By the mid-1950s professional singers were cast in leading roles in most productions; they included Walter Midgley in Tosca and La bohème (1955), Raimund Herincx in Mefistofele (1957), Heather Harper in La traviata (1957), and Joan Hammond in Madame Butterfly (1958). A possibility of strengthening the professional element of the company was mooted in 1958, when a merger was proposed with the Carl Rosa Company, which was in financial difficulties. The proposal was not followed through and WNO continued independently while the Carl Rosa folded.

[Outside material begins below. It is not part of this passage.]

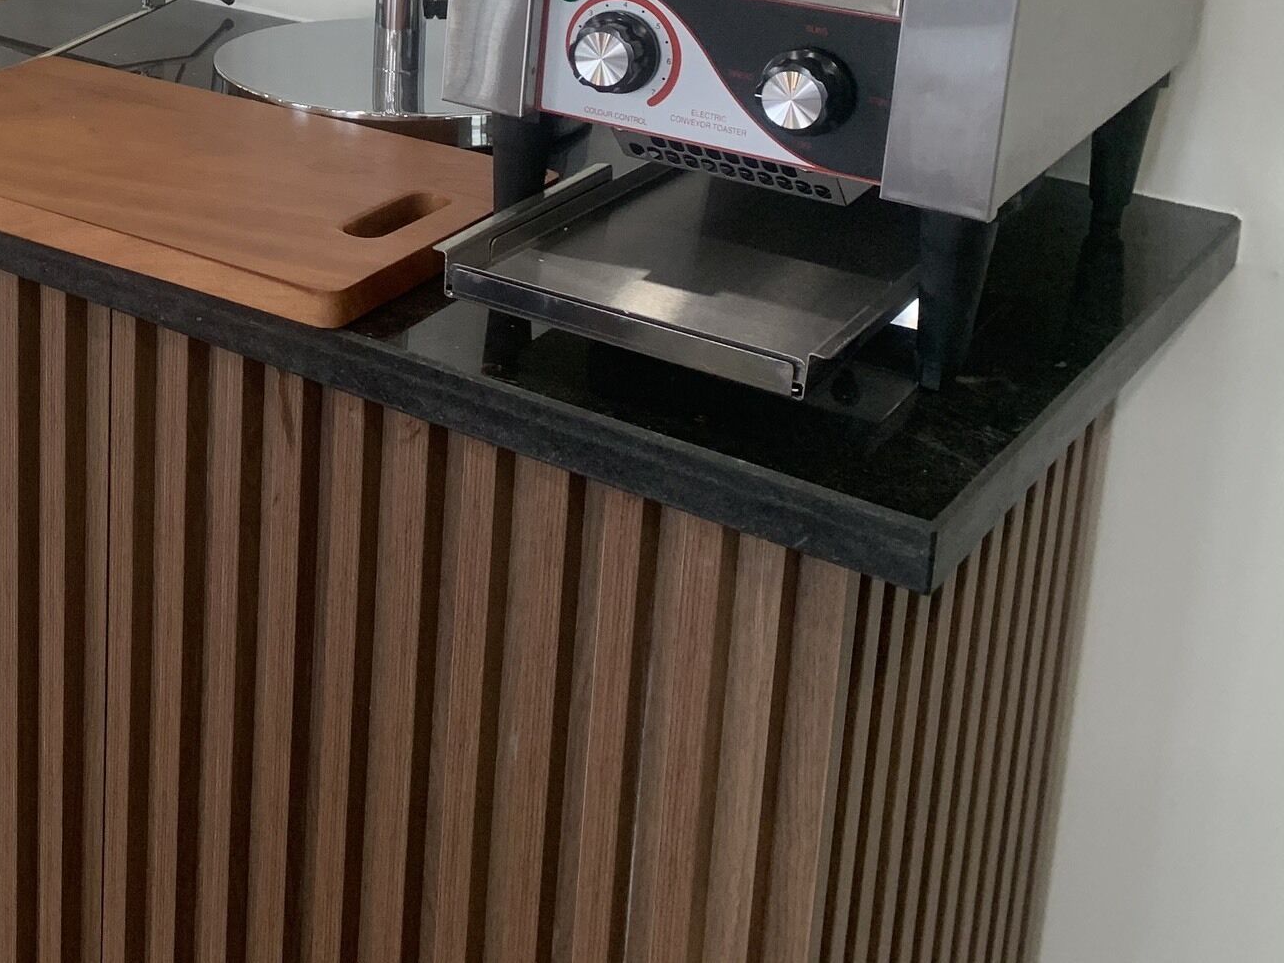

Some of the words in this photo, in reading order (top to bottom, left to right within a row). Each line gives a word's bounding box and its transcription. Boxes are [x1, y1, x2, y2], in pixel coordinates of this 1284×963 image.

During the 1960s the company continued to widen its range. Its first Wagner production, Lohengrin, and its first Mozart, The Marriage of Figaro, were both performed in 1962, conducted by Charles Groves. Another Welsh opera, Hughes's Serch yw'r Doctor ("Love, the Doctor") was staged in 1960. The popular Italian repertoire remained the core of the annual seasons, mostly directed by the head of production, John Moody. Leading roles were taken by rising stars such as John Shirley-Quirk, Gwyneth Jones, Thomas Allen, Josephine Barstow and Margaret Price, the last of whom made her operatic debut with the company in 1962. Established singers guesting with the company included Geraint Evans who played the title role in Don Pasquale in 1966, and Ian Wallace in the same part the following year. Evans was also seen as Leporello in Don Giovanni in 1966 and as Falstaff in 1969.

The gradual switch from amateur to professional continued in 1968, when for the first time the chorus was supplemented by a smaller, professional group of singers; the mix of amateur and professional choristers continued over the next five years. At the end of the 1960s the main WNO company, now a year-round operation, consisted of 8 salaried principal singers, 57 guest soloists and a chorus of 90 amateurs and 32 professionals. As well as the Bournemouth players, the company engaged the Royal Liverpool Philharmonic, City of Birmingham Symphony and Ulster orchestras for different venues. In the last season of the decade 32 performances were given in Cardiff and 61 elsewhere in the UK. In addition to the main company, WNO maintained two smaller groups: one, with orchestra, toured Welsh towns, the other, consisting of 12 singers with piano, toured 79, mostly small, towns in Wales and England. (Note: The main company played in Birmingham, Bristol, Cardiff, Liverpool, Llandudno, Stratford-upon-Avon and Swansea, and the medium-sized group appeared at Aberystwyth, Haverfordwest, Rhyl and Wrexham.) WNO instituted its own training scheme for young singers during the decade.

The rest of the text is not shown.